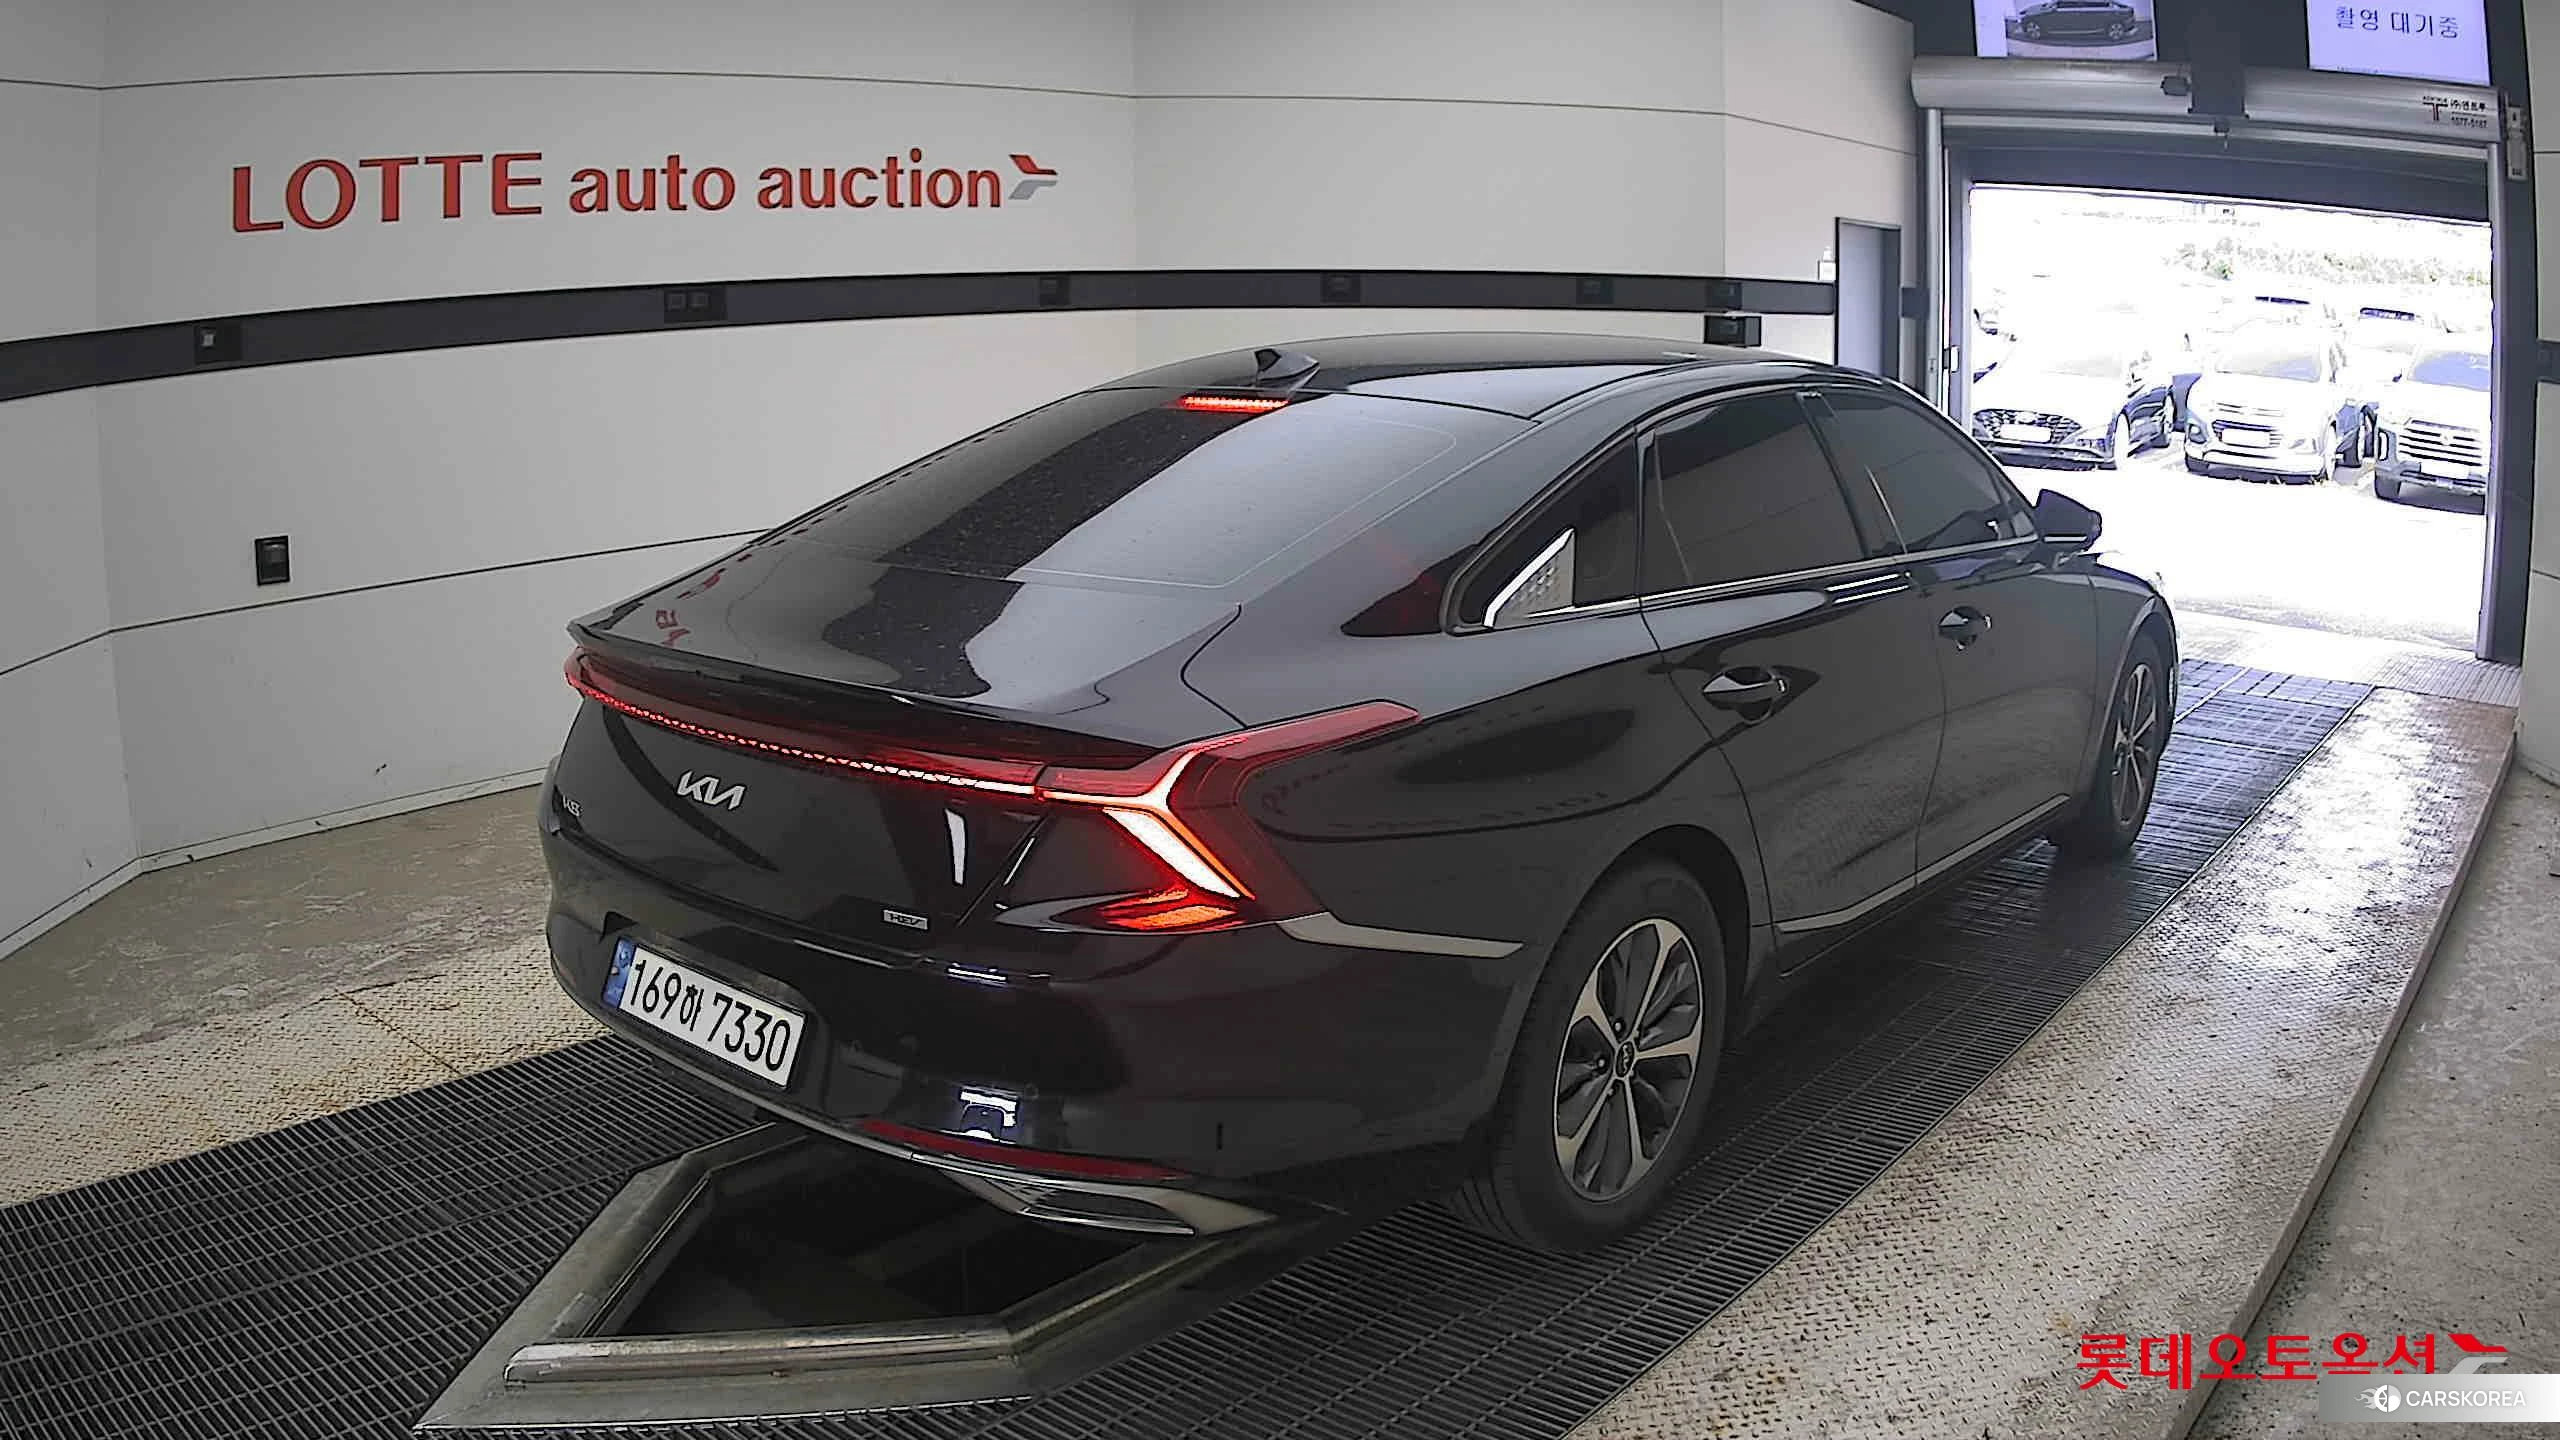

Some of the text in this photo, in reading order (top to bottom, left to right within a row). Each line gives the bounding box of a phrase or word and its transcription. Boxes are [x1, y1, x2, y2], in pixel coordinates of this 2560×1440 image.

[2336, 5, 2379, 31] 촬영
[234, 148, 1002, 232] LOTTE auto auction
[677, 770, 746, 811] KIA
[703, 991, 792, 1072] 7330

···

** Task prompt **
Word for word, quote the full listing, omitting every picture.

** Task solution **
Some of the text in this photo, in reading order (top to bottom, left to right within a row). Each line gives the bounding box of a phrase or word and its transcription. Boxes are [x1, y1, x2, y2], in pixel coordinates of this 2560×1440 image.

[2336, 5, 2379, 31] 촬영
[234, 148, 1002, 232] LOTTE auto auction
[677, 770, 746, 811] KIA
[703, 991, 792, 1072] 7330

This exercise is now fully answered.